Aziz milletimiz, ne kadar derin uykuya dalarsa dalsın; bütün tershanelerine girilse de, bütün orduları dağıtılsa da yine de Rabbim dengeleri öyle bir değiştiriyor ve kartları yeniden karıyor ki; bütün hesaplar altüst oluyor.
Siz istediğiniz kadar Washington’da, Moskova’da, Londra’da, Erbil’de veya Tahran’da sözüm ona think tank yapın; millet istediği kadar gözü kapalı bir heyulanın peşine takılsın, yine de memleket bir şekilde düze çıkıyor.
Meşhur şiirdeki gibi “Galip et, çünkü bu son ordusudur İslâm’ın” duasını edenler hâlâ çoğunlukta.
Demek ki bütün hesapların üstünde de bir hesap var… Siz ne kadar hesap yapsanız da Allah bir şekilde Türk Milleti’ne yardım ediyor.
Eee,atalar boşuna dememiş, “Keser döner, sap döner. Gün gelir hesap döner” diye.
 * * *
Kırım’da işler iyice karıştı. Rusya tahminimizden de önce ve ama gereken hazırlıkları da yapmadan fiili bir durum oluşturdu ve Kırım’ı işgal ediverdi.
Böylece Putin-Medvedev ikilisinin yıllarca uğraşarak hazırladıkları ve yeniden SSCB benzeri ‘Büyük Rusya’ kurma hayalleri daha birinci sınavda öngörüsüzlük ve hesapsızlık sonucu yerini büyük bir hüsrana ve yıkıma bırakmak üzere…
Kırım’ı işgal için 6 ay kadar sonra şartların olgunlaşmasını beklemek ve bölgedeki Ruslara çifte vatandaşlık vermek yerine Kızılordu’yu Kırm’a sokarak, Suriye’de elde ettiği diplomatik başarıyı askeri bir zaferle taçlandırmak isteyen Putin, oluşturmaya çalıştığı güçlü Rusya hülyasını da kâbusa dönüştürdü. Buna son çarın kâbusu da diyebiliriz…
Kırım Türkleri’nden beklemediği bir tepki alan Ruslar, Türk Dünyası’na asırlardır yaptıkları eziyetin diyetini az az da olsa ödemeye nihayet başlamış oldu.

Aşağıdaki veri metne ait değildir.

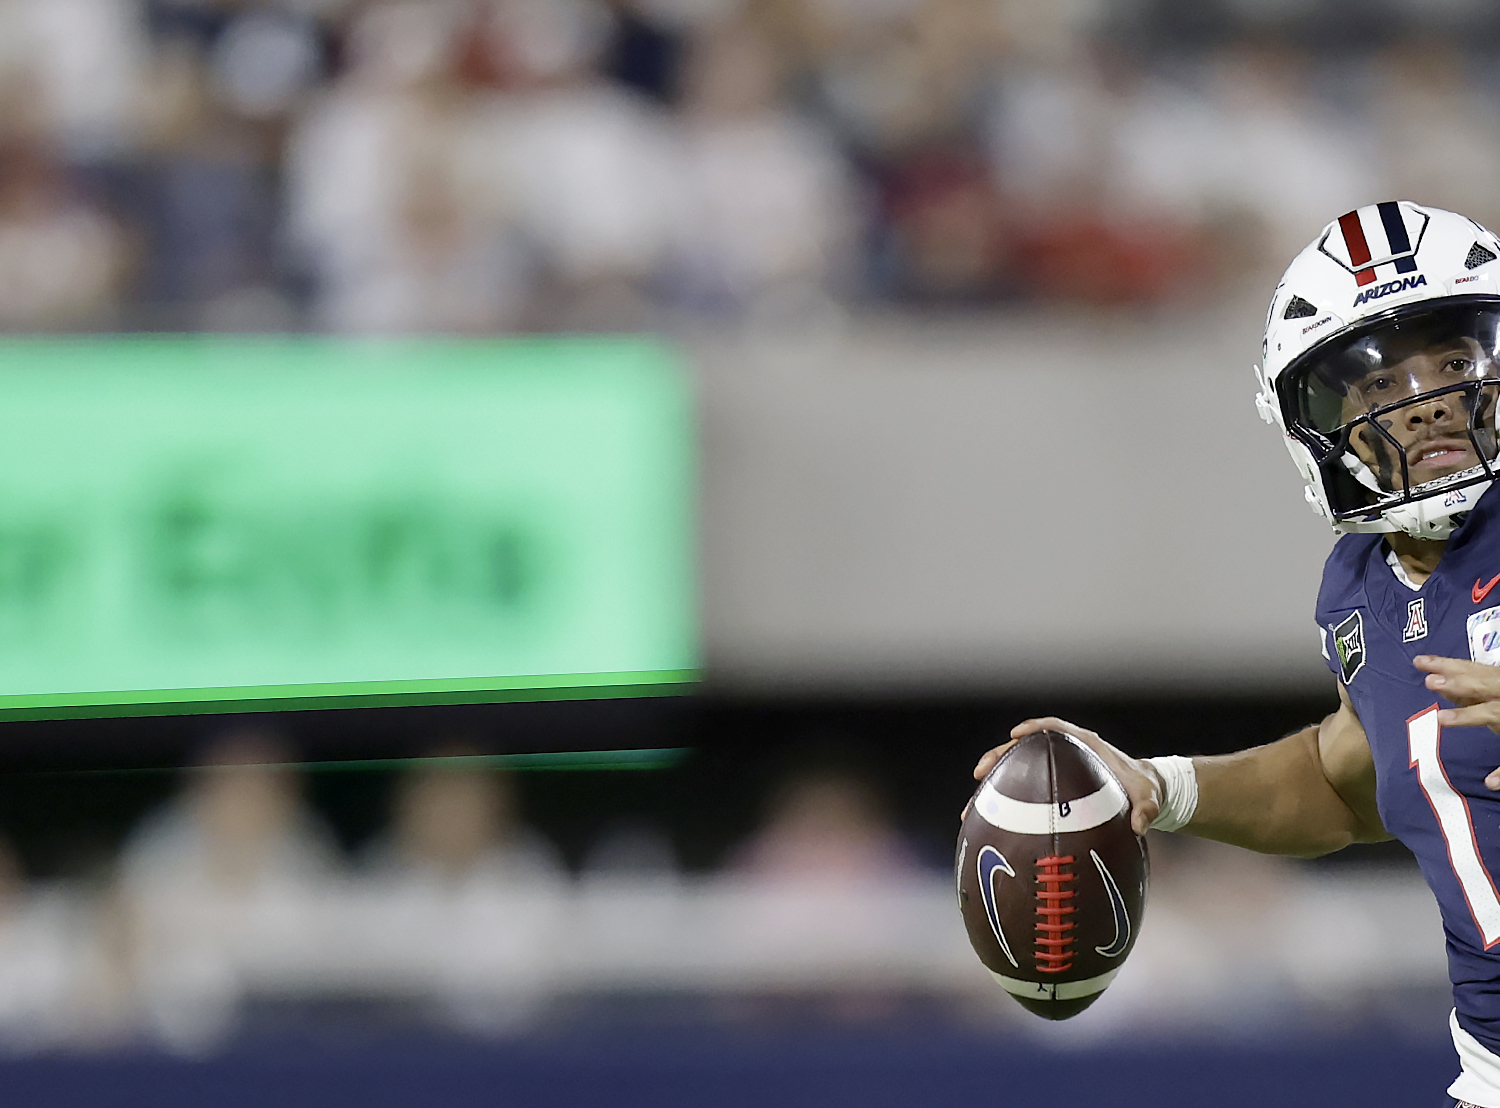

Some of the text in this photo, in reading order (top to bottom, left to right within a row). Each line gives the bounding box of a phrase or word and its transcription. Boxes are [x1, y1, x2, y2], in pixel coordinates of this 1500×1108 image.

[1353, 274, 1427, 308] ARIZONA
[1302, 316, 1332, 335] BEARDOWN
[1402, 597, 1428, 643] A

Dünyada en çok savaş ettiğimiz iki milletten biri olan Ruslar, daha 1944 sürgününün mazlumları sağ iken yeniden Kırım’ı işgale kalkacak kadar, Türkleri unutkan zannetmiş olmanın bedelini sert tepki ile gördüler.
Şu anda Türkiye’nin yapması gereken, direkt olarak Rusya ile temasa geçip net bir ifade ile Kırım’daki soydaşlarımızın başına bir hal gelmemesi konusunda uyarmaktır.
Ayrıca NATO’nun ikinci büyük gücü olan Türkiye’nin, Ukrayna’nın NATO’ya tam üyelik sürecini hızlandırması gereklidir.
Diğer yandan ülkemizde beşinci kol faaliyeti olarak hızla süregelen Rus ve ABD propaganda çalışmalarına da bir son verilmesi gereklidir. Bu engellenmediği müddetçe aziz milletimizin tek bir hedef etrafında net bir kararla güç birliği yapması zor olacaktır.
Çünkü güç durumlar, fikir ve inanç birliği ile aşılır.